Moreover, the MPT can act as an atmospheric bridge connecting the eastern and western hemispheres as well as tropical and extratropical regions (Lu et al. 2017). Recent studies have suggested possible associations of the MPT with various atmospheric teleconnections. For example, Zhang et al. (2005) noted that a stronger South Asian high (SAH) was accompanied by a stronger and more extensive western North Pacific (WNP) subtropical high (WNPSH). The enhancement and expansion of WNPSH could then push the MPT eastward, which subsequently results in a stronger Mexican high. Thus, the MPT bridges the climate variations in Asian–Pacific–North American regions. In addition, as the MPT tilts along a southwest–northeast direction over the subtropics, it could promote exchanges of heat and momentum between different latitudes (Magaña and Yanai 1991; Waugh and Polvani 2000). Indeed, the MPT can sometimes extend so far south into the tropics that the equatorial winds over the south of MPT are switched from the trade easterlies to westerlies, forming the so-called equatorial westerly duct that allows atmospheric disturbances to propagate from one hemisphere into the other (e.g., Webster and Holton 1982; Webster and Yang 1989; Tomas and Webster 1994; Yang et al. 2015).

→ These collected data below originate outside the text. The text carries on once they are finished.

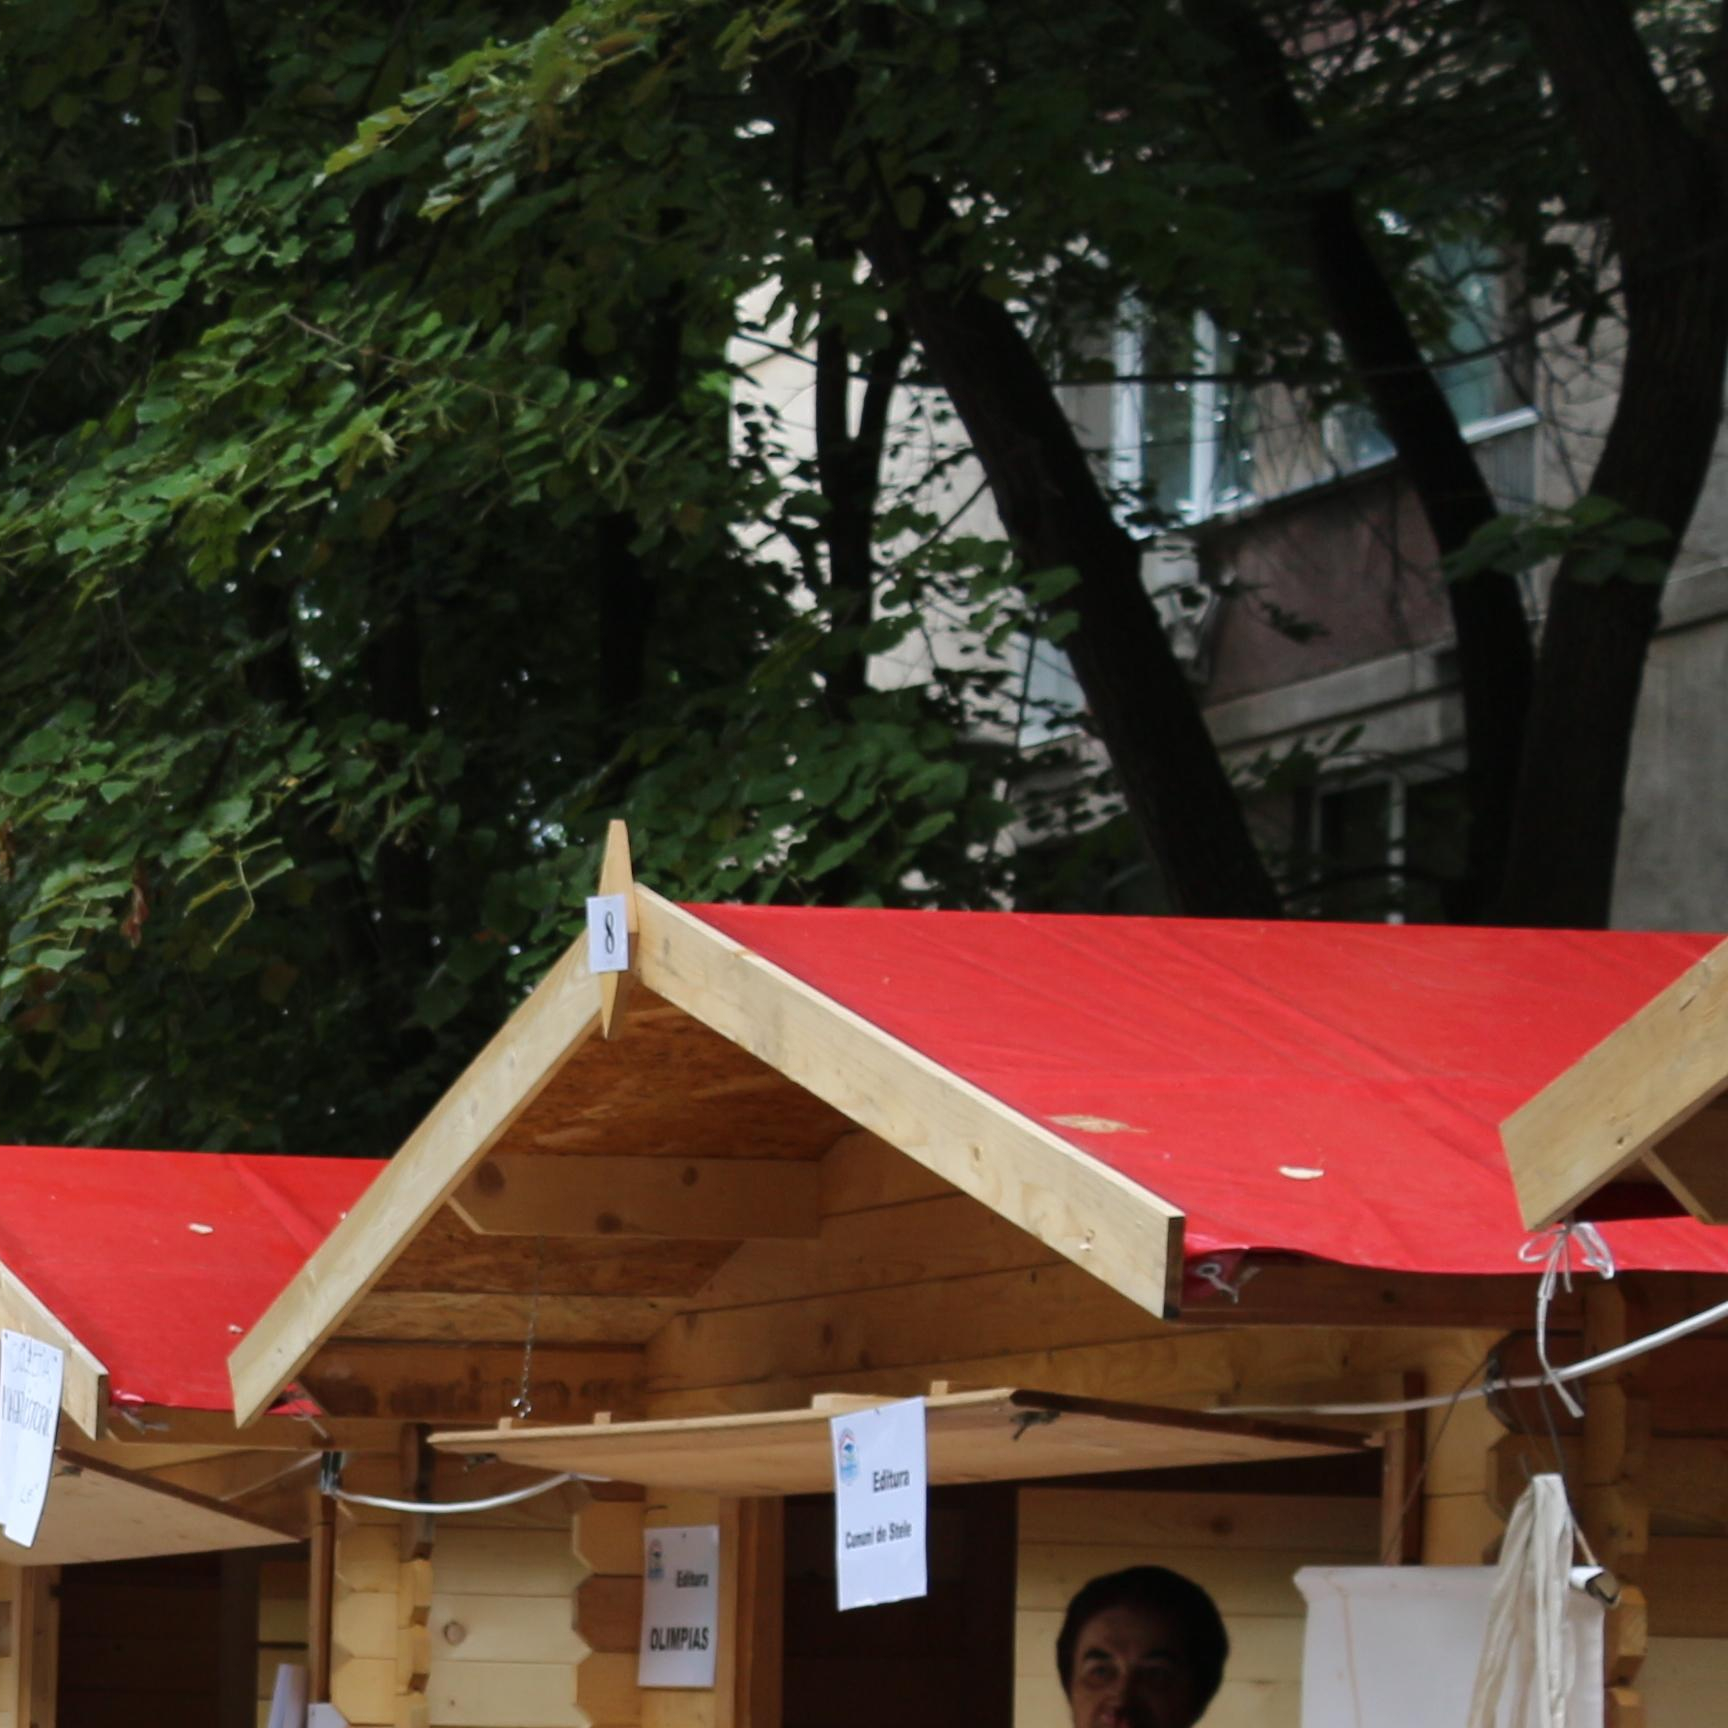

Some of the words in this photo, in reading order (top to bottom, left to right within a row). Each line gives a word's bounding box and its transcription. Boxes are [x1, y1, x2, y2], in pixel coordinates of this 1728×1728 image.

[604, 910, 615, 955] 8
[873, 1468, 910, 1493] Editura
[876, 1524, 887, 1542] de
[889, 1519, 912, 1541] Stele
[676, 1569, 709, 1588] Editura
[650, 1626, 709, 1651] OLIMPIAS

Therefore, understanding the variations and characteristics of the MPT is helpful for untangling the interconnected weather events and climate anomalies in the Asian–Pacific–North American regions. Although the synoptic features of the MPT and its influence on TCs have been studied previously, the interannual and interdecadal variations of the MPT and their climate impact are poorly understood so far. In fact, the MPT is often regarded as a passive circulation feature induced from the upstream SAH, with its impact on the climate in the remote regions being considered negligible. Given this belief, few studies have been conducted about the multiscale variations of the MPT, leaving an unanswered question about the interannual variability of the MPT and its climate effect.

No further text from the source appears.